我们是否可以使用二叉索引树有效地回答子矩阵和查询?
答案是肯定的。使用仅是一维BIT数组的2D BIT便可以做到这一点。
算法:
我们考虑以下示例。假设我们必须找到突出显示区域内所有数字的总和- 
我们假设矩阵的原点位于底部–O。然后,二维BIT利用了以下事实:
Sum under the marked area = Sum(OB) - Sum(OD) -
Sum(OA) + Sum(OC) 
在我们的程序中,我们使用getSum(x,y)函数来查找从(0,0)到(x,y)的矩阵之和。
因此,以下公式:
Sum under the marked area = Sum(OB) - Sum(OD) -
Sum(OA) + Sum(OC)
The above formula gets reduced to,
Query(x1,y1,x2,y2) = getSum(x2, y2) -
getSum(x2, y1-1) -
getSum(x1-1, y2) +
getSum(x1-1, y1-1) 在哪里,
x1,y1 = C的x和y坐标
x2,y2 = B的x和y坐标
updateBIT(x,y,val)函数将区域(x,y)下的所有元素更新为(N,M),其中,
N =整个矩阵的最大X坐标。
M =整个矩阵的最大Y坐标。
其余过程与一维二元索引树的过程非常相似。
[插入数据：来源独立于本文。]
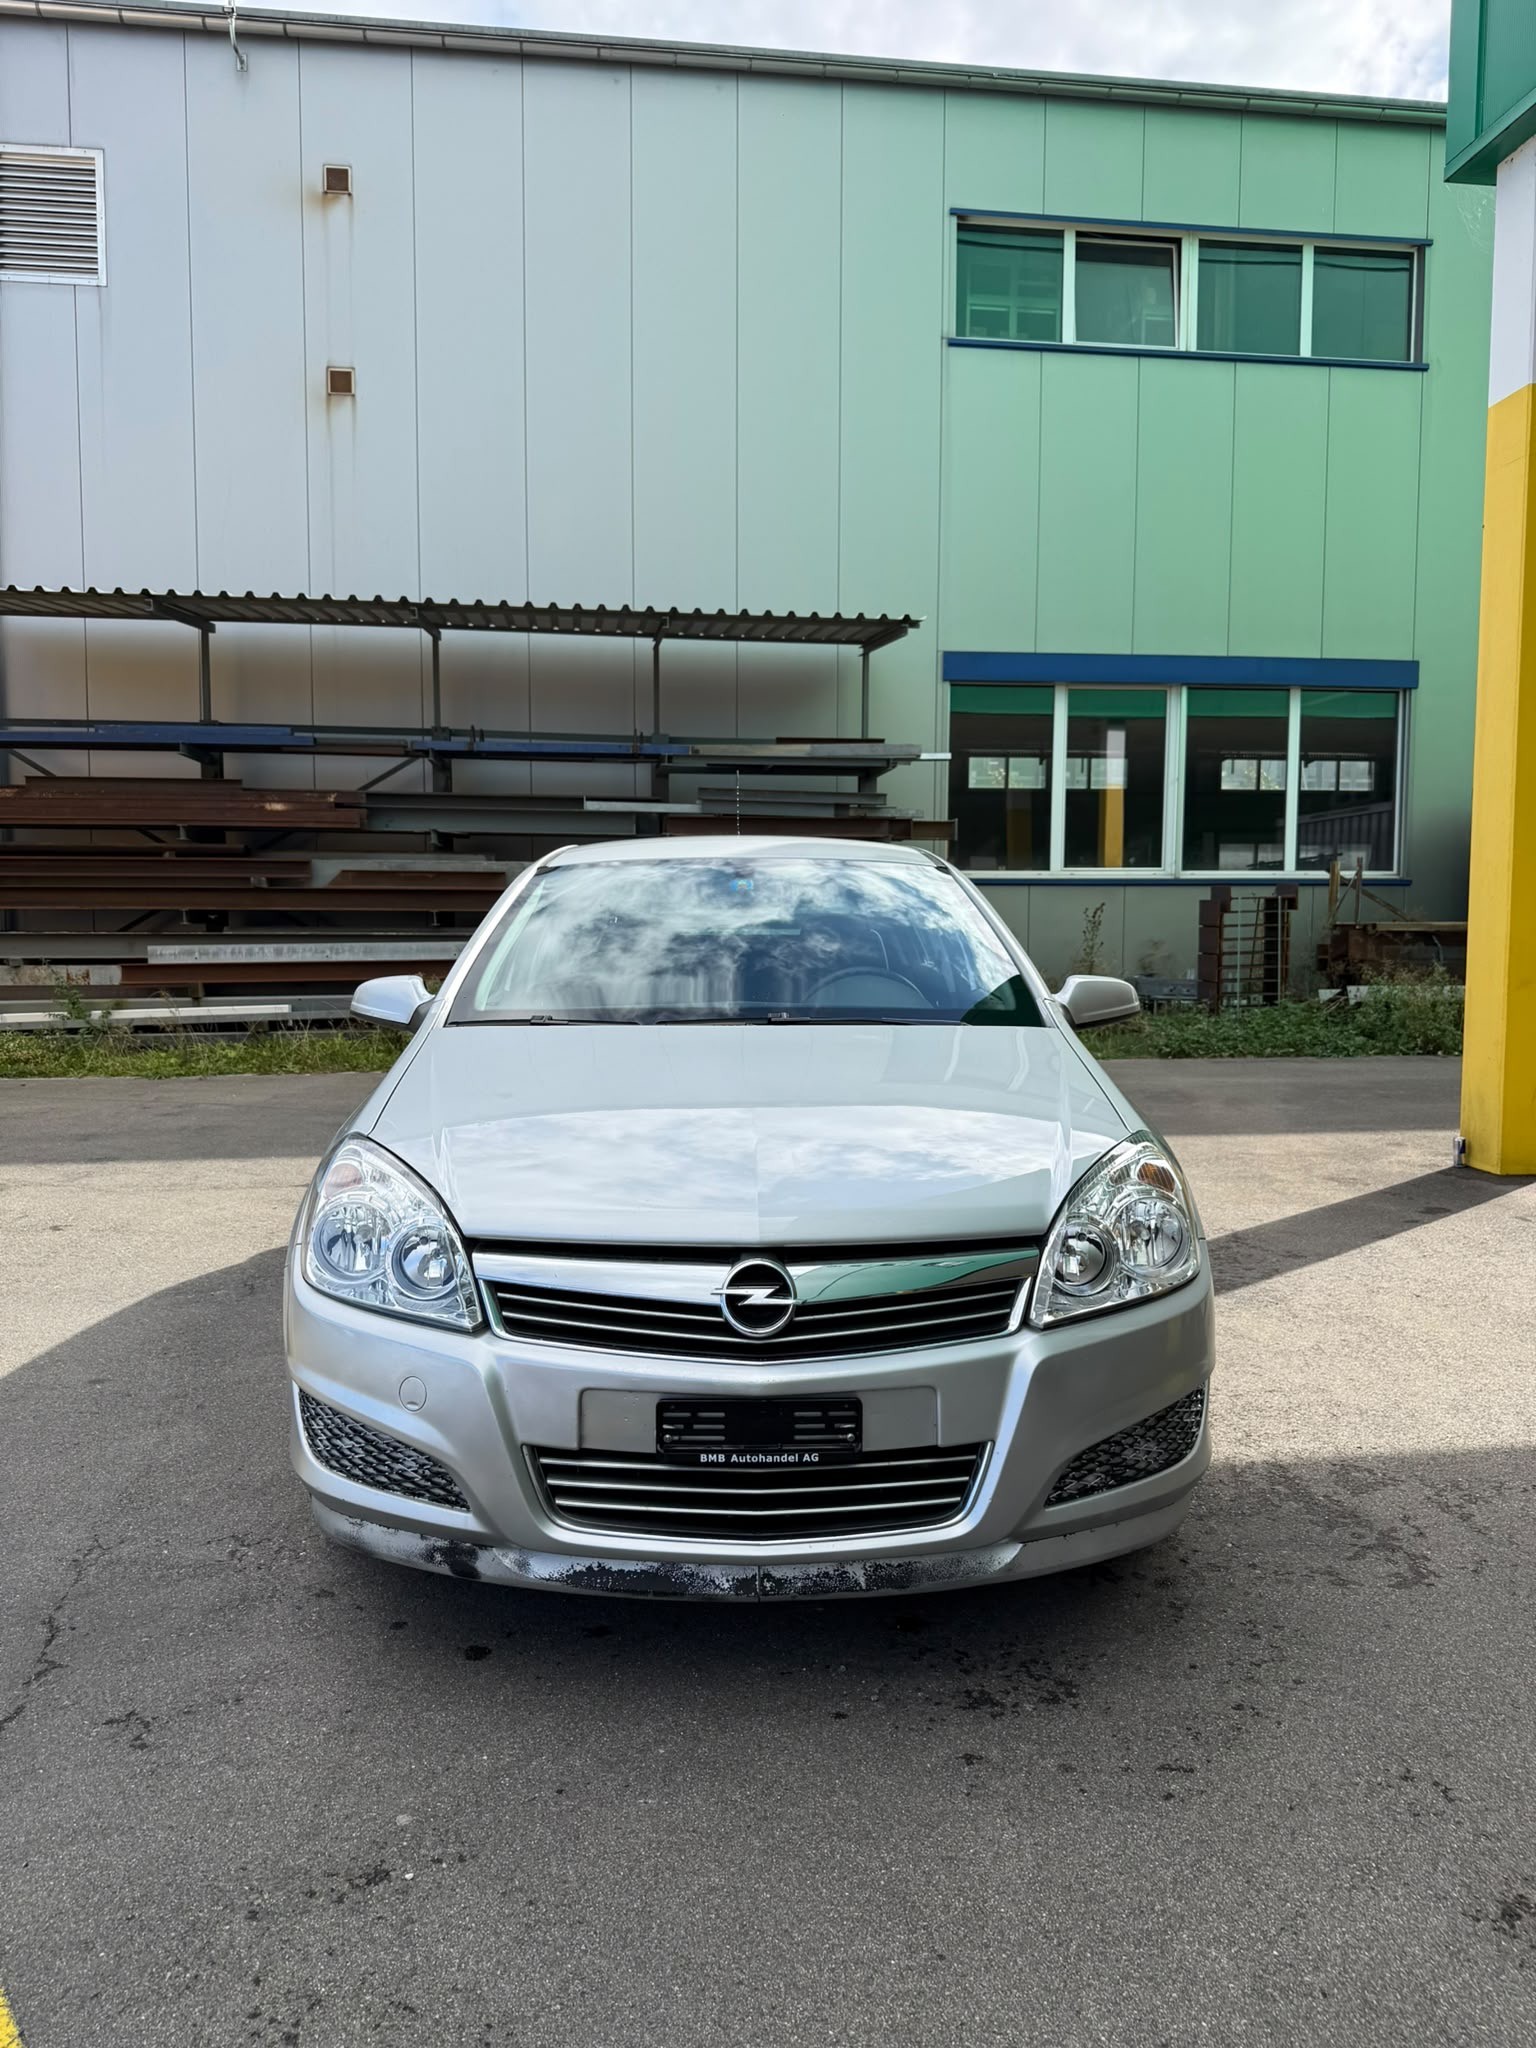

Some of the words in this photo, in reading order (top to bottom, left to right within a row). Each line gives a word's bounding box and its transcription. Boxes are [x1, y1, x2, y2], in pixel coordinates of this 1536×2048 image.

[700, 1453, 726, 1463] BMB
[730, 1453, 799, 1463] Autohandel
[802, 1453, 819, 1462] AG
以下是2D索引树的C++实现
C++
/* C++ program to implement 2D Binary Indexed Tree
2D BIT is basically a BIT where each element is another BIT.
Updating by adding v on (x, y) means it's effect will be found
throughout the rectangle [(x, y), (max_x, max_y)],
and query for (x, y) gives you the result of the rectangle
[(0, 0), (x, y)], assuming the total rectangle is
[(0, 0), (max_x, max_y)]. So when you query and update on
this BIT,you have to be careful about how many times you are
subtracting a rectangle and adding it. Simple set union formula
works here.
So if you want to get the result of a specific rectangle
[(x1, y1), (x2, y2)], the following steps are necessary:
Query(x1,y1,x2,y2) = getSum(x2, y2)-getSum(x2, y1-1) -
getSum(x1-1, y2)+getSum(x1-1, y1-1)
Here 'Query(x1,y1,x2,y2)' means the sum of elements enclosed
in the rectangle with bottom-left corner's co-ordinates
(x1, y1) and top-right corner's co-ordinates - (x2, y2)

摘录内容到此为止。